In my last blog entry, I wrote that one of the hallmarks of the transition from adulthood to elderhood is feeling a desire to slow down, to take some time away from constant doing, and feeling a desire to spend more time being, more time looking inward. But the idea of “slowing down” is anathema to many aging people. In fact, the phrase “slowing down” is often used when we want to call attention to and to bemoan the fact that someone is noticeably aging.

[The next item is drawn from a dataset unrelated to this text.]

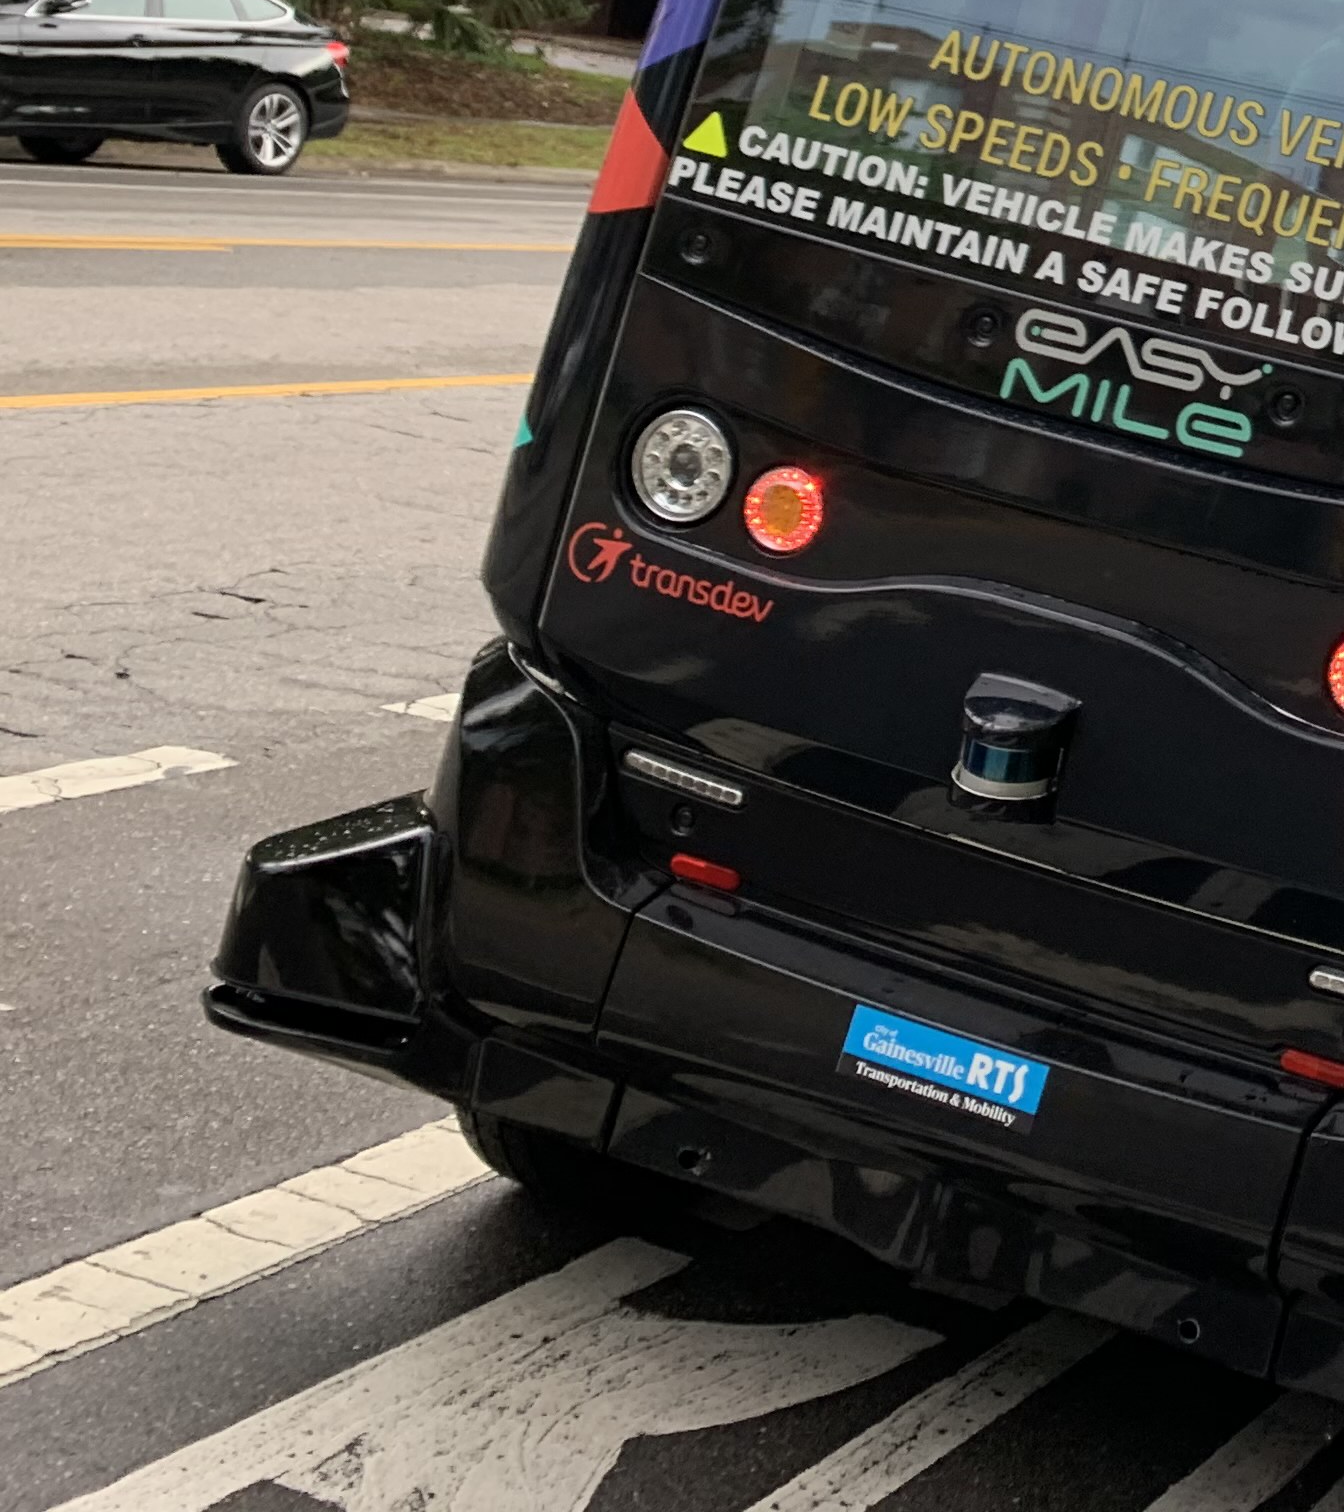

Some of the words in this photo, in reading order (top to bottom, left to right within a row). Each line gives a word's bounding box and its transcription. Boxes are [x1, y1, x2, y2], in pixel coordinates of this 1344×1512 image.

But is “slowing down” really such a bad thing? In his book Second Wind: Navigating the Passage to a Slower, Deeper, and More Connected Life, Bill Thomas devotes a whole chapter called “Slow” to encouraging us to rethink our desire for speed, for “productivity,” at the expense of time for reflection and for being more mindful of how we are spending our time. Thomas writes: “Beginning the journey into elderhood is good for us because it leads us toward the unique sources of meaning and purpose that are available only to those who are willing to live slow.” (201–202)

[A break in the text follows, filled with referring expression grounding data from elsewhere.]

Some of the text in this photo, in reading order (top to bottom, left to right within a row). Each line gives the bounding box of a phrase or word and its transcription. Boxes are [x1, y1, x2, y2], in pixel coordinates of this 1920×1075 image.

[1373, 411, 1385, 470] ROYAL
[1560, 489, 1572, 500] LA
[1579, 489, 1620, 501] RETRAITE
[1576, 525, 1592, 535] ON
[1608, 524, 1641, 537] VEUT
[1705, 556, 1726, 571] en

Happily, more and more people are realizing that they don’t want to or have to be the person they were at 40 or 50 when they are 60 or 70. They are realizing that Rabbi Zalman Schachter-Shalomi was right when he wrote that old age can be a time of “self-development and spiritual growth.” (From Age-ing to Sage-ing, 5)

In my favorite book about aging, The Grace in Aging: Awaken as You Grow Older by Kathleen Dowling Singh, she calls this slowing down “withdrawal.” In my classes, when I share Singh’s concept of “withdrawal,” often there is someone who vehemently rejects this idea. In one of my classes, it was a 90-year-old man.

Singh says that slowing down or “withdrawal” is what happens when someone worsens after being diagnosed with a terminal illness. A person withdraws or disengages “from busy-ness and its worldly, mindless persona.” She says this is also one of the opportunities that aging offers us, but because the withdrawal is “less extreme, less dramatic, less urgent” than a bad diagnosis is, we can miss it.

However,  she says that if we take advantage of this opportunity to live “with less frenzy to obscure our mindfulness, we are left with a more naked view of ourselves.” We can slow down “enough for some keen observation. It’s time, if we so choose, to fully make our own acquaintance, without the overlay of younger urges and midlife constraints and demands and schedules…This withdrawal offers us an opportunity to stop in our tracks, to halt in the rush of our headlong forward movement, and examine who we are and what we’re doing.” (104)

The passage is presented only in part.